• **TASK STATEMENT**
Write out an exact copy of the line with "this 1600×1200 image." and of each line after it, through the end of the records below.

++++++++++++++++++++

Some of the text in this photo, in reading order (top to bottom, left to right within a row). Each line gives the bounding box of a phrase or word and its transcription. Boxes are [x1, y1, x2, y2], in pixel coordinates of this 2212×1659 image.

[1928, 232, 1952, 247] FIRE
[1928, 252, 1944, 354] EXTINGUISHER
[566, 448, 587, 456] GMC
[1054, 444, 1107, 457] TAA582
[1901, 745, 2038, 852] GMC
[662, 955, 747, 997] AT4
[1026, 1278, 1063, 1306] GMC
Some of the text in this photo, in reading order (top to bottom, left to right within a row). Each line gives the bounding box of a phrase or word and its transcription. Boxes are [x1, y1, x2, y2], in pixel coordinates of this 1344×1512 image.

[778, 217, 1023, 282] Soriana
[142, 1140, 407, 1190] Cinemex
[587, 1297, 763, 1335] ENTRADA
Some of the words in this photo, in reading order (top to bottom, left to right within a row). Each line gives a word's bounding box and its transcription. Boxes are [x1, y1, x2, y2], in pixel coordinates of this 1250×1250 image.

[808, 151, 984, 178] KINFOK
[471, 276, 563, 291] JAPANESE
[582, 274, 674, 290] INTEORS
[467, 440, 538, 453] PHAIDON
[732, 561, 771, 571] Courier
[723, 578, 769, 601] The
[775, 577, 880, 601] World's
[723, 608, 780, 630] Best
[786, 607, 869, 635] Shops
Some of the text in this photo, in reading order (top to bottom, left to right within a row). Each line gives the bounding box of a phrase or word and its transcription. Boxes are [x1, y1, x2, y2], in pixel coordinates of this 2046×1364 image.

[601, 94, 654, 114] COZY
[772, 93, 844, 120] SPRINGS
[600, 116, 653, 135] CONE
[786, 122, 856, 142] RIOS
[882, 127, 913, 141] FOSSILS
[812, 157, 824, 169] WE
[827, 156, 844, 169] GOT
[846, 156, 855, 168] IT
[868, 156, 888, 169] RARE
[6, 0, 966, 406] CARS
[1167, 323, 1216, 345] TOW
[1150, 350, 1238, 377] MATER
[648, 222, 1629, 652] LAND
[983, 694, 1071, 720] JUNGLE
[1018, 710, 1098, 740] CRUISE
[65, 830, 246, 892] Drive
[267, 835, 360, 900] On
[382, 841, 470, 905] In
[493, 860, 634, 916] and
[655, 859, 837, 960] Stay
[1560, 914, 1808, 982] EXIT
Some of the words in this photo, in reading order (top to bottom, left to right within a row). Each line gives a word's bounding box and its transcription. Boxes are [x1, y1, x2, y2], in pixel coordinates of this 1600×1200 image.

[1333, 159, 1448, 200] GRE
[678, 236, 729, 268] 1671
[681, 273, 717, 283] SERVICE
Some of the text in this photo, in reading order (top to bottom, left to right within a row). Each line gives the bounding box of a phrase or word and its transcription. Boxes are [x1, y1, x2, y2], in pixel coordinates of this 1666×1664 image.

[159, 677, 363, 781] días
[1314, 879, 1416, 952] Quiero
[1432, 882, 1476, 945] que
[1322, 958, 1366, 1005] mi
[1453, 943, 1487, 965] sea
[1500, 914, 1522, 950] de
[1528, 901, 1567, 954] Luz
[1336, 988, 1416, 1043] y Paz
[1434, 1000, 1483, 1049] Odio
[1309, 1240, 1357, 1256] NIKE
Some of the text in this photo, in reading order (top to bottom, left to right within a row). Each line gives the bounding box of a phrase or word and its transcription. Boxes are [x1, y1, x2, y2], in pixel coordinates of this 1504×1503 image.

++++++++++++++++++++

• **WRITTEN REPLY**
Some of the words in this photo, in reading order (top to bottom, left to right within a row). Each line gives a word's bounding box and its transcription. Boxes are [x1, y1, x2, y2], in pixel coordinates of this 1600×1200 image.

[1333, 159, 1448, 200] GRE
[678, 236, 729, 268] 1671
[681, 273, 717, 283] SERVICE
Some of the text in this photo, in reading order (top to bottom, left to right within a row). Each line gives the bounding box of a phrase or word and its transcription. Boxes are [x1, y1, x2, y2], in pixel coordinates of this 1666×1664 image.

[159, 677, 363, 781] días
[1314, 879, 1416, 952] Quiero
[1432, 882, 1476, 945] que
[1322, 958, 1366, 1005] mi
[1453, 943, 1487, 965] sea
[1500, 914, 1522, 950] de
[1528, 901, 1567, 954] Luz
[1336, 988, 1416, 1043] y Paz
[1434, 1000, 1483, 1049] Odio
[1309, 1240, 1357, 1256] NIKE
Some of the text in this photo, in reading order (top to bottom, left to right within a row). Each line gives the bounding box of a phrase or word and its transcription. Boxes are [x1, y1, x2, y2], in pixel coordinates of this 1504×1503 image.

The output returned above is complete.